§ Problem to solve: Because only the text is wanted, repeat the records below exactly and omit the pictures.
*** Records to use ***
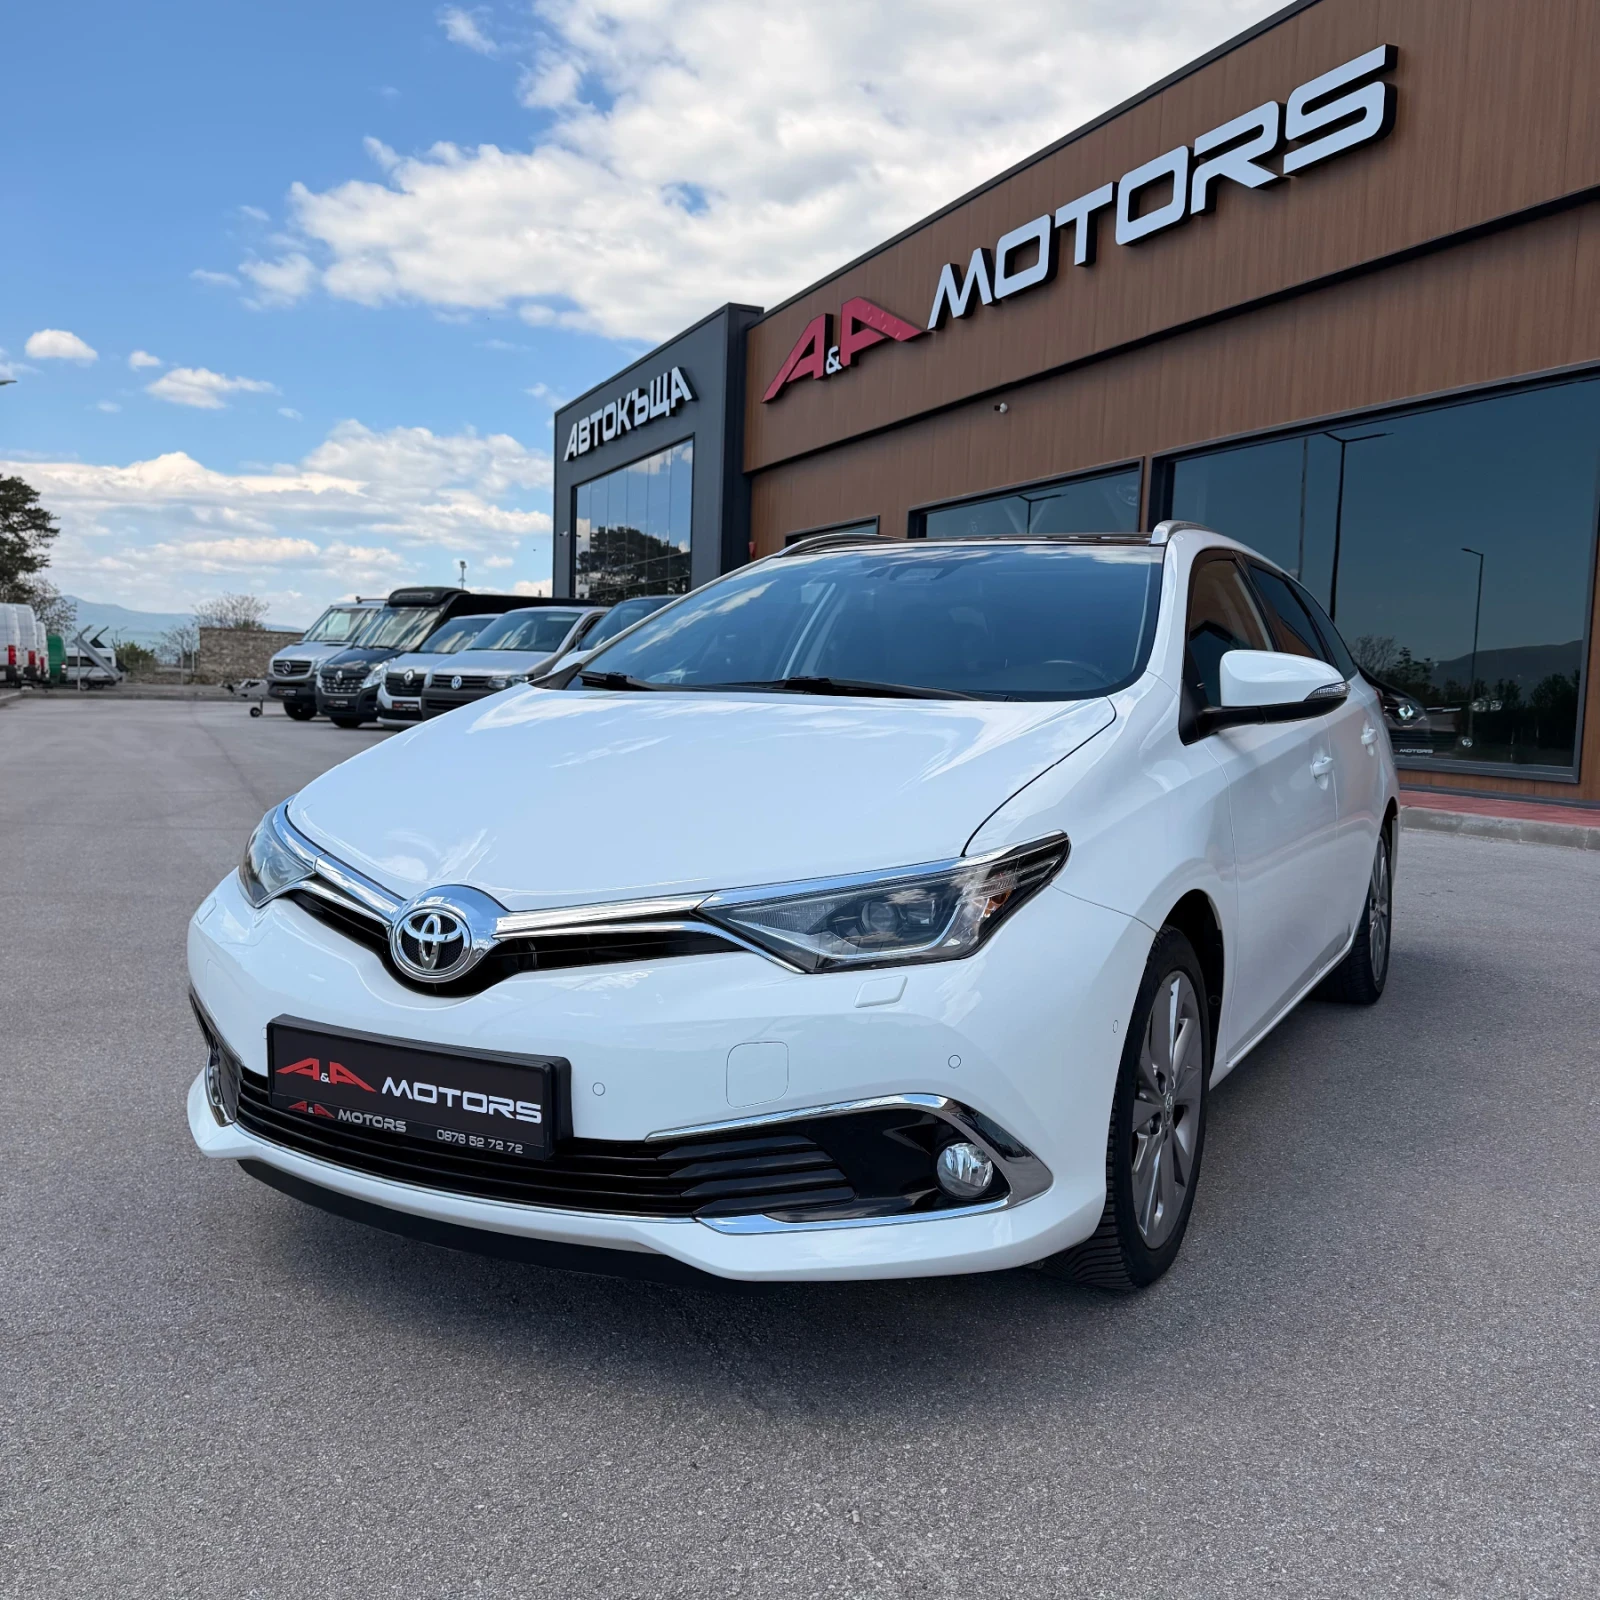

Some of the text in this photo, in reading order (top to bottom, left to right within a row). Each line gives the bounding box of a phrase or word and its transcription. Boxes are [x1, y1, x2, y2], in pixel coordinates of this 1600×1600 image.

[762, 43, 1393, 403] A&A MOTORS
[563, 366, 694, 462] АВТОКЪЩА
[276, 1057, 542, 1124] A&A MOTORS
[288, 1100, 407, 1133] A&A MOTORS
[487, 1138, 504, 1151] 72
[506, 1142, 524, 1155] 72
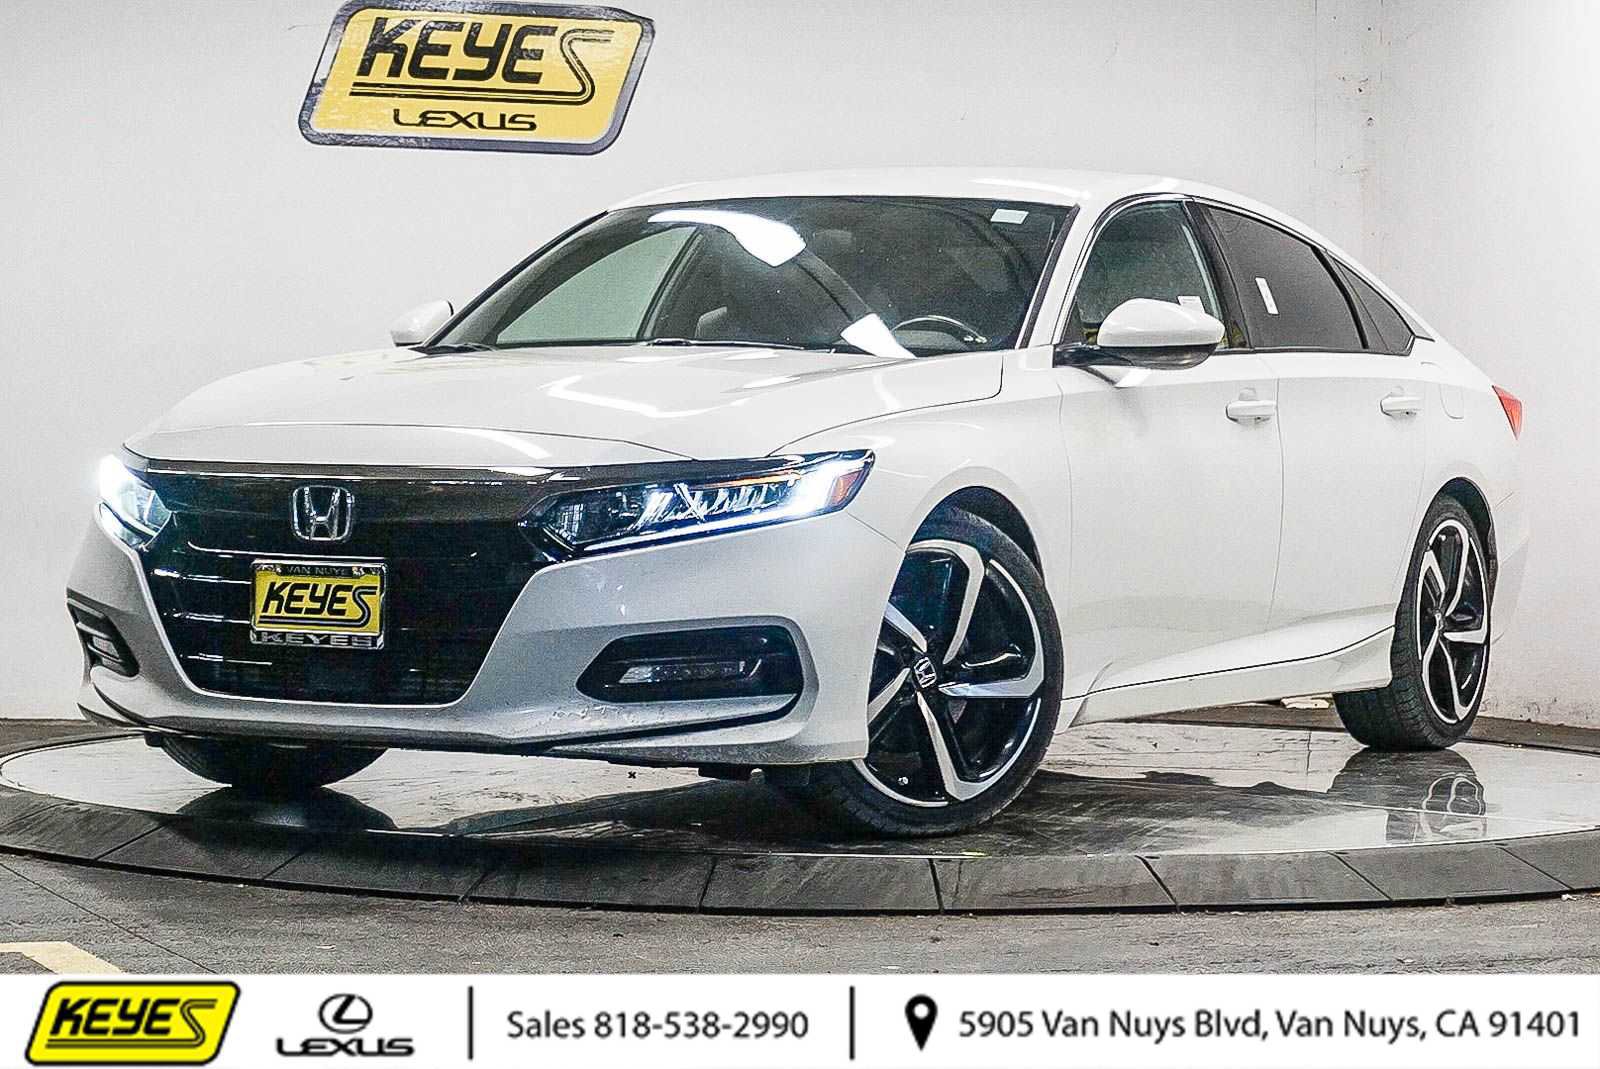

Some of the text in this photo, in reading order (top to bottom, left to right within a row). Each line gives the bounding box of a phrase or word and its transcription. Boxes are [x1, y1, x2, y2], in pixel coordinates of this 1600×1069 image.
*** End of Records to use ***
§ Exercise result:
Some of the text in this photo, in reading order (top to bottom, left to right within a row). Each line gives the bounding box of a phrase or word and its transcription. Boxes are [x1, y1, x2, y2], in pixel coordinates of this 1600×1600 image.

[762, 43, 1393, 403] A&A MOTORS
[563, 366, 694, 462] АВТОКЪЩА
[276, 1057, 542, 1124] A&A MOTORS
[288, 1100, 407, 1133] A&A MOTORS
[487, 1138, 504, 1151] 72
[506, 1142, 524, 1155] 72

Some of the text in this photo, in reading order (top to bottom, left to right within a row). Each line gives the bounding box of a phrase or word and its transcription. Boxes are [x1, y1, x2, y2], in pixel coordinates of this 1600×1069 image.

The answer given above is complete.